Data entries
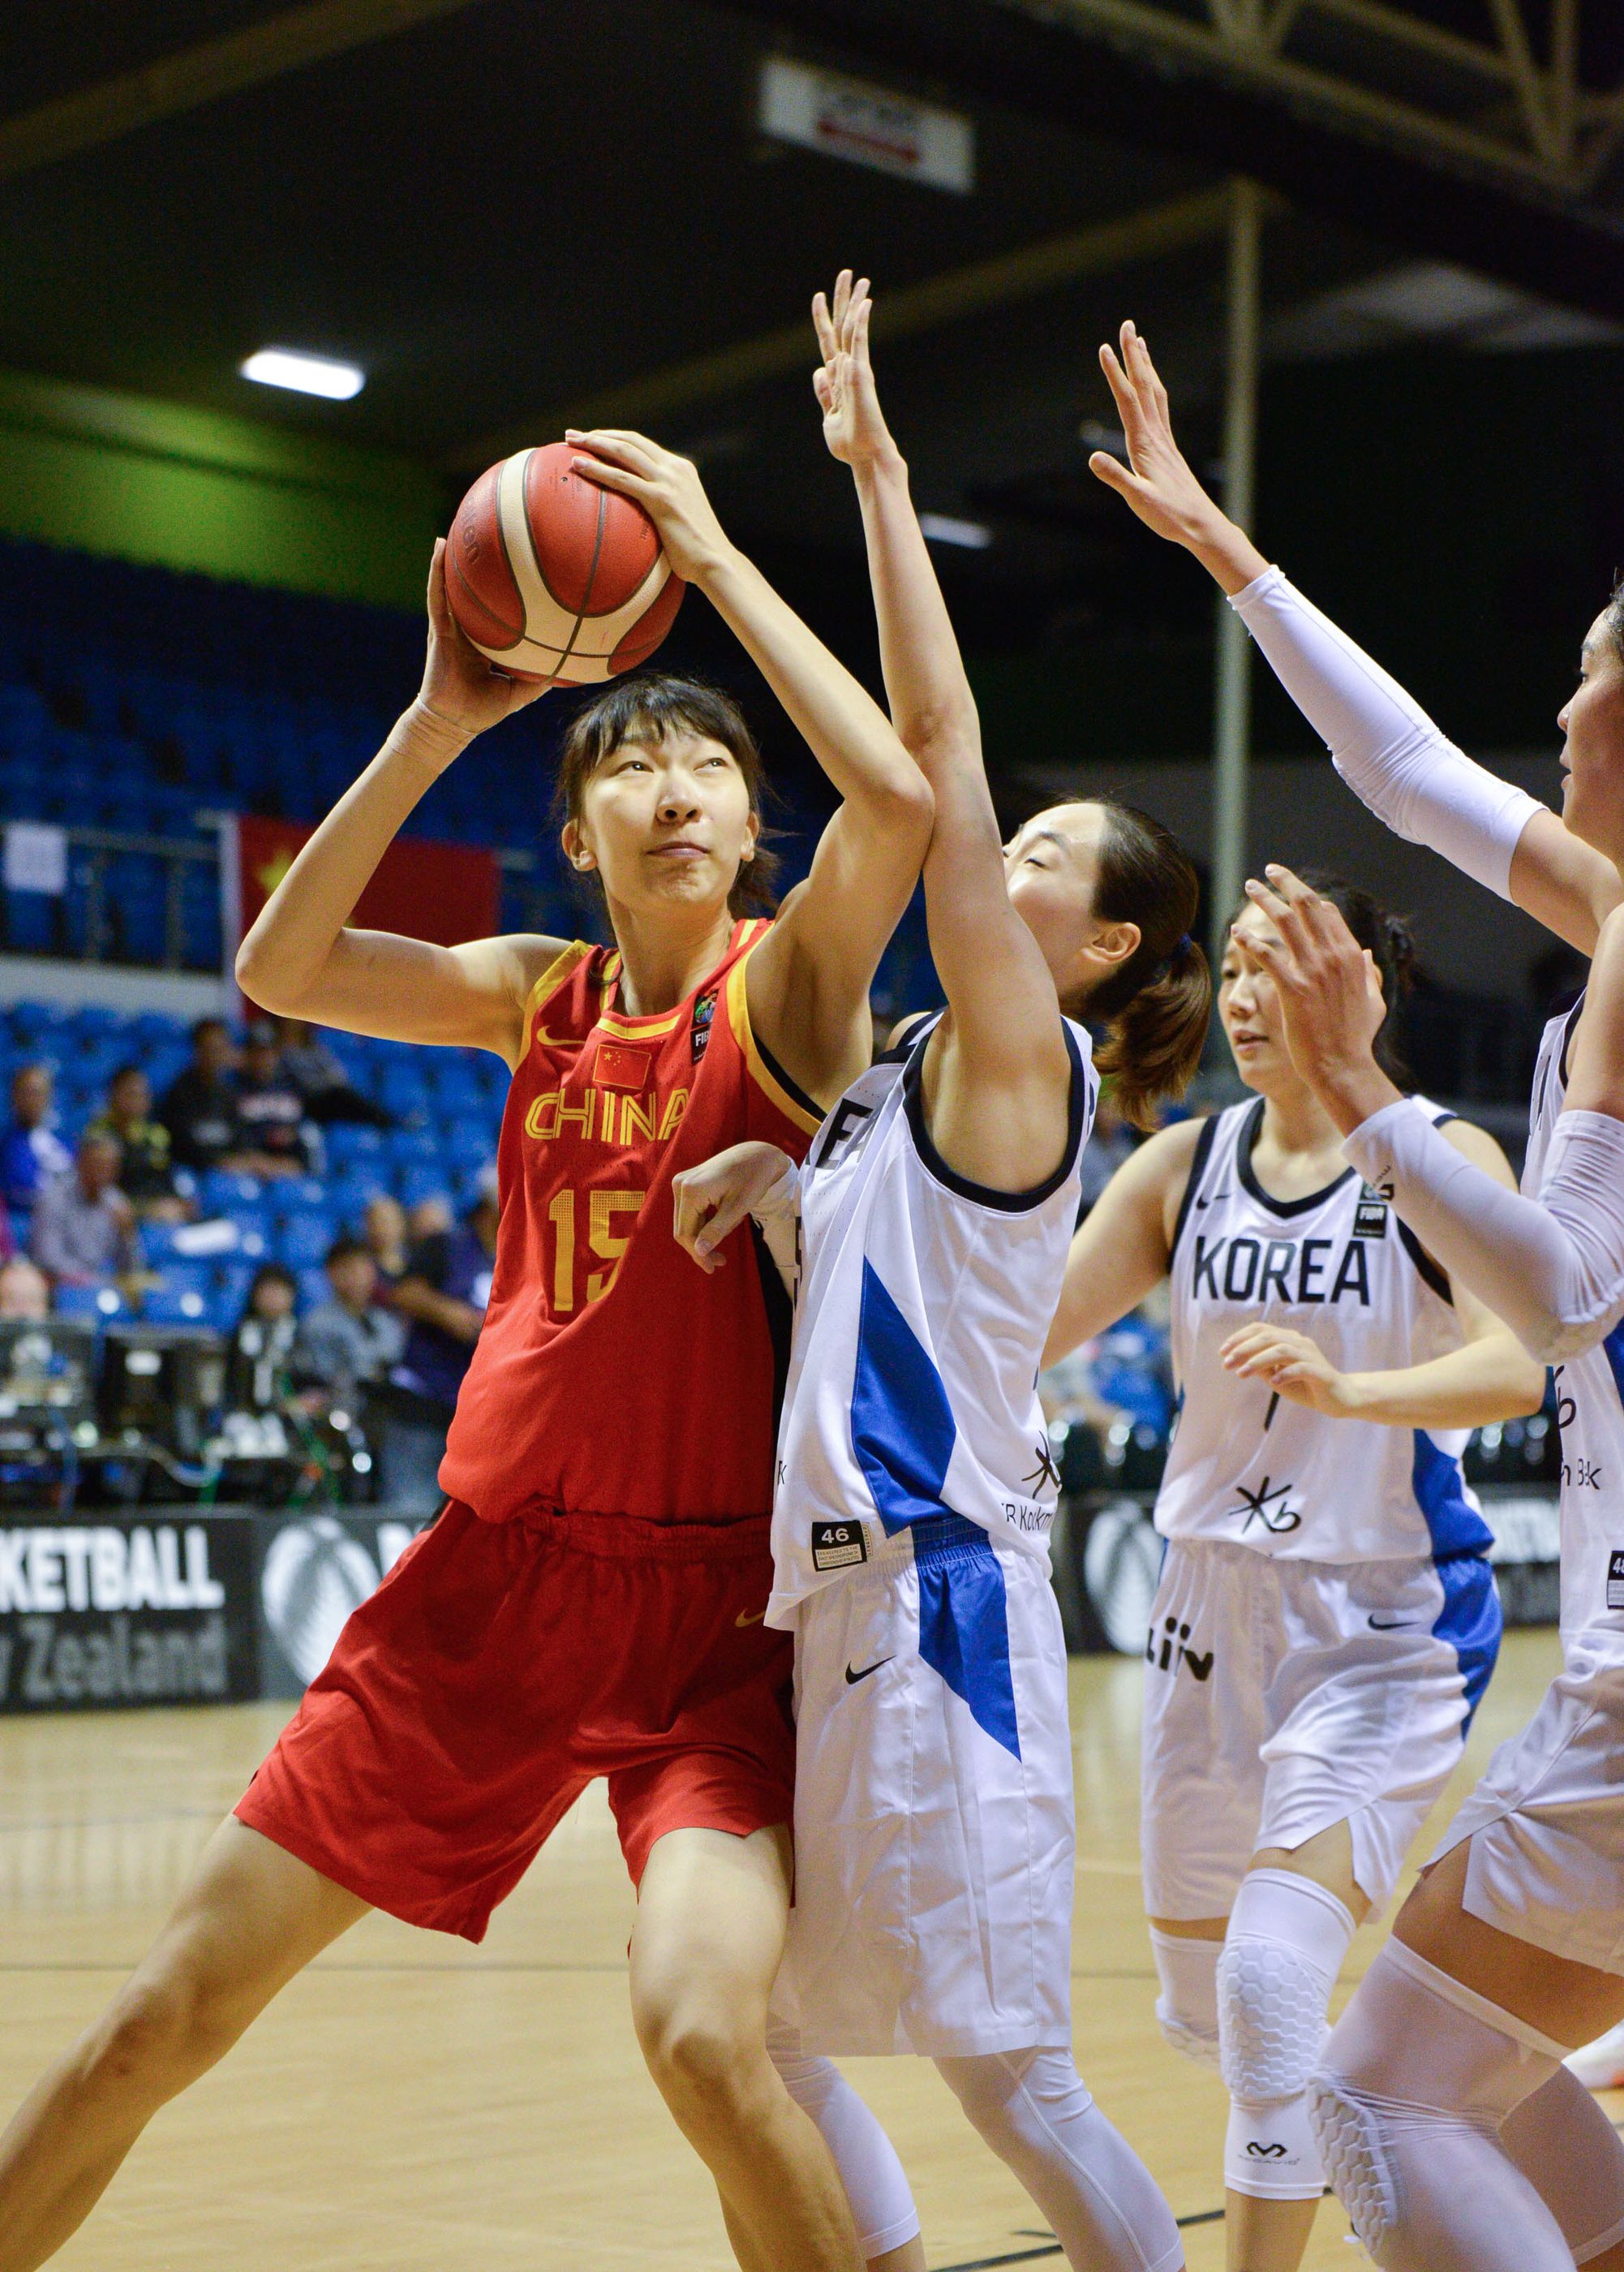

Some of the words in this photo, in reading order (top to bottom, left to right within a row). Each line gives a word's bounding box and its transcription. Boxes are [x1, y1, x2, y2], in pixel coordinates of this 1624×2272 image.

[526, 1088, 690, 1146] CHINA
[549, 1190, 646, 1311] 15
[1192, 1236, 1370, 1306] KOREA
[0, 1525, 225, 1612] KETBALL
[821, 1528, 849, 1543] 46

Problem to solve >>
Give all entries again verbatim, without any images.

Response for this exercise >>
Some of the words in this photo, in reading order (top to bottom, left to right within a row). Each line gives a word's bounding box and its transcription. Boxes are [x1, y1, x2, y2], in pixel coordinates of this 1624×2272 image.

[526, 1088, 690, 1146] CHINA
[549, 1190, 646, 1311] 15
[1192, 1236, 1370, 1306] KOREA
[0, 1525, 225, 1612] KETBALL
[821, 1528, 849, 1543] 46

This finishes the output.